A resident shovels snow away from the entrance to his home in Union City, New Jersey, across the Hudson River from Midtown Manhattan, after the second-biggest winter storm in New York history, January 24, 2016. REUTERS/Rickey Rogers TPX IMAGES OF THE DAY - RTX23SDE

This is the photo that keeps coming up in the papers and the slide shows.  “A resident shovels snow from the entrance to his home in Union City, New Jersey, across the Hudson River from Midtown Manhattan, after the second-biggest winter storm in New York history, on January 24, 2016.”  That’s the caption, just in case you were wondering about the who, what, where, and when.  But that isn’t saying much.

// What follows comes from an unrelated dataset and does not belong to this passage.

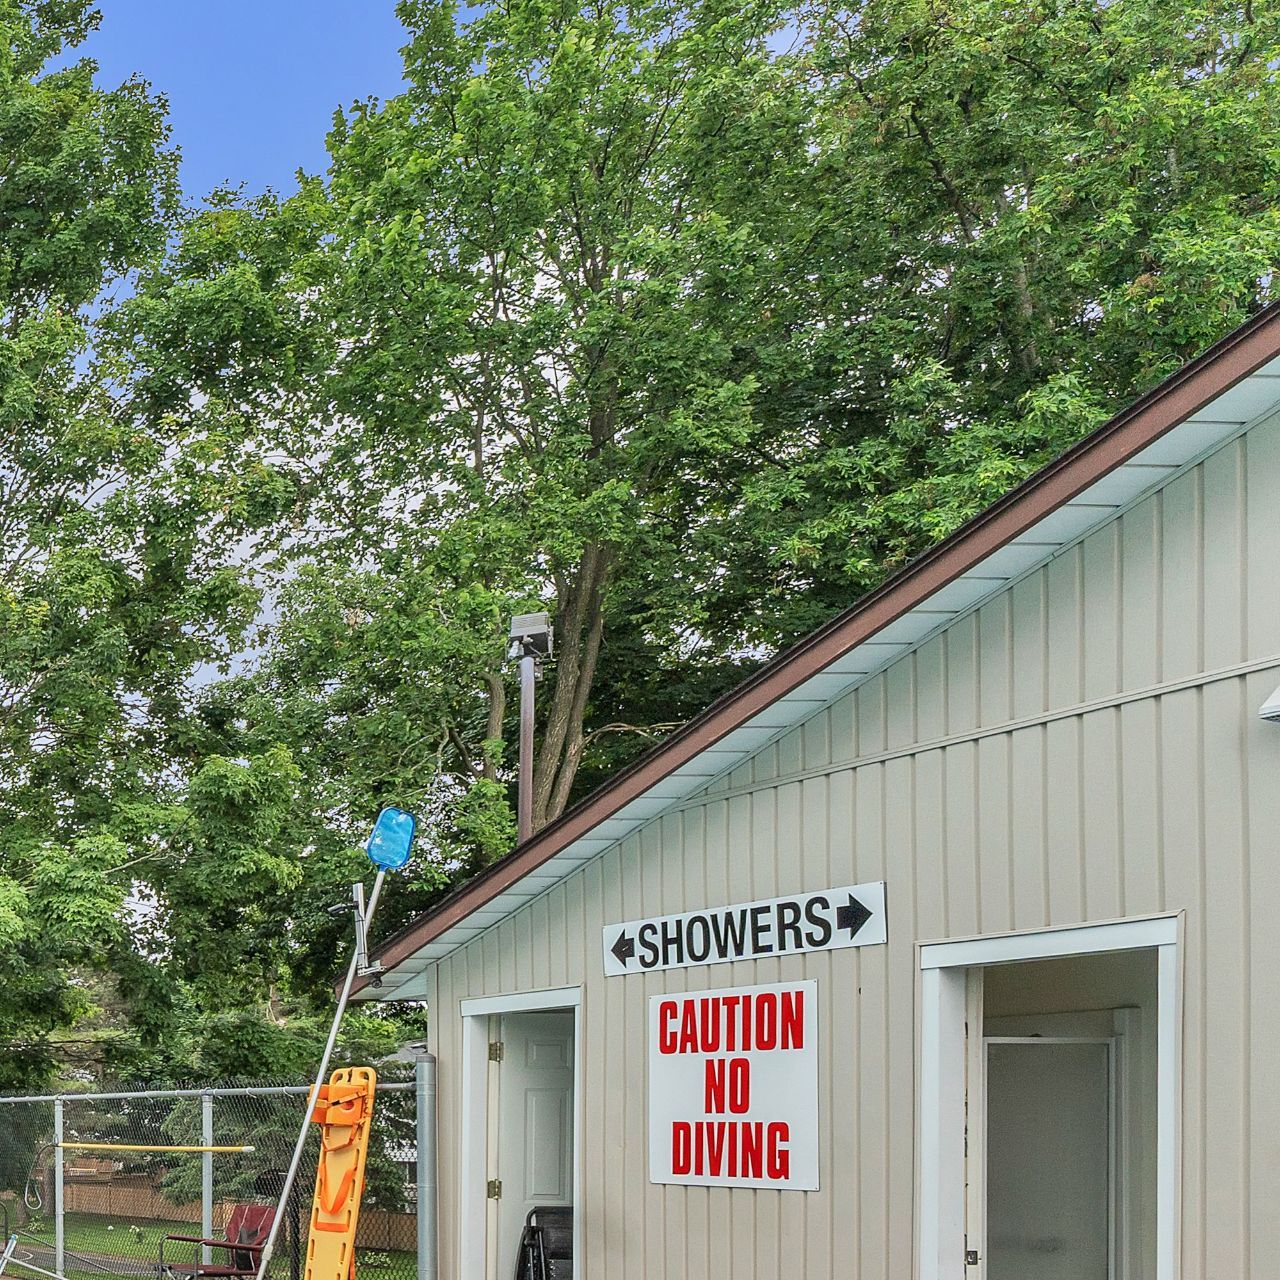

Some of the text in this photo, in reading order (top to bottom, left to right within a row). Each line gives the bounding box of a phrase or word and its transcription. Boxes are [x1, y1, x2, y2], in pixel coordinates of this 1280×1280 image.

[638, 896, 832, 969] SHOWERS
[659, 991, 805, 1055] CAUTION
[704, 1057, 751, 1115] NO
[671, 1121, 790, 1180] DIVING

Snowstorm photographs can’t avoid being stock images: whatever they are, you’ve seen them before.  This one is no exception, so novelty is not part of the appeal.  Nor is it a particularly striking photograph.  Whatever its features, I can think in every case of photos that displayed each one more directly: the undulations of white softness draping the furniture of the world, the gentle play of light and shadow on snow, the trees heavy with their winter foliage, the monster drifts, the daunting task of digging out. . . .  This photo has them all, but each quality is stacked up with the others, and they seem to subtract from one another rather than produce a cumulative effect.  So it really is an aftermath photo: emphasizing not the massive, magical inundation but instead the individuated labor of clearing a way back to the familiar routines of ordinary life.  And yet it is in its own way captivating.  Why?

The answer, I think, is that it provides a gentle reminder of just how good life can be.  Can be: not in every case.  That snowstorm will have caused car wrecks, heart attacks, and other bad news, and eventually we’ll be told how the costs for snow removal and lost business will run to the millions or billions.  But there is another story that won’t be told, except perhaps through this photograph.

If a snowstorm is your big problem this week, you’re doing fine.  If you have to shovel snow but can walk back into a warm brick brownstone where the heat is always on, where water always flows sure and clean at the turn of your hand, where you can look up and down the street and see everyone else having the same amenities. . . . . That is the good life.

The photo shows one kind of abundance–the unusually large covering of snow–to say something about another kind of abundance.  What covers reveals.  The snow temporarily removes all the cars, mailboxes, and much else from view, but we know that they are there.  It features a man working with a blade on a stick, but we know that is the closest he gets to experiencing primitive scarcity and vulnerability.  By showing how much can be temporarily stopped, it reminds us how much activity and prosperity are taken for granted.

And there is more.  As the snow also slows us down, it reminds us how we allow some of our riches to diminish others.  We have so much that we may forget to stop and marvel at the beauty of the world.  A snowstorm is beautiful, but so is a cloudy day.  It’s wonderful to curl up with a cup of coffee on an unexpected day off and look across a glistening landscape, and it’s wonderful to take a moment amid the morning rush any other day.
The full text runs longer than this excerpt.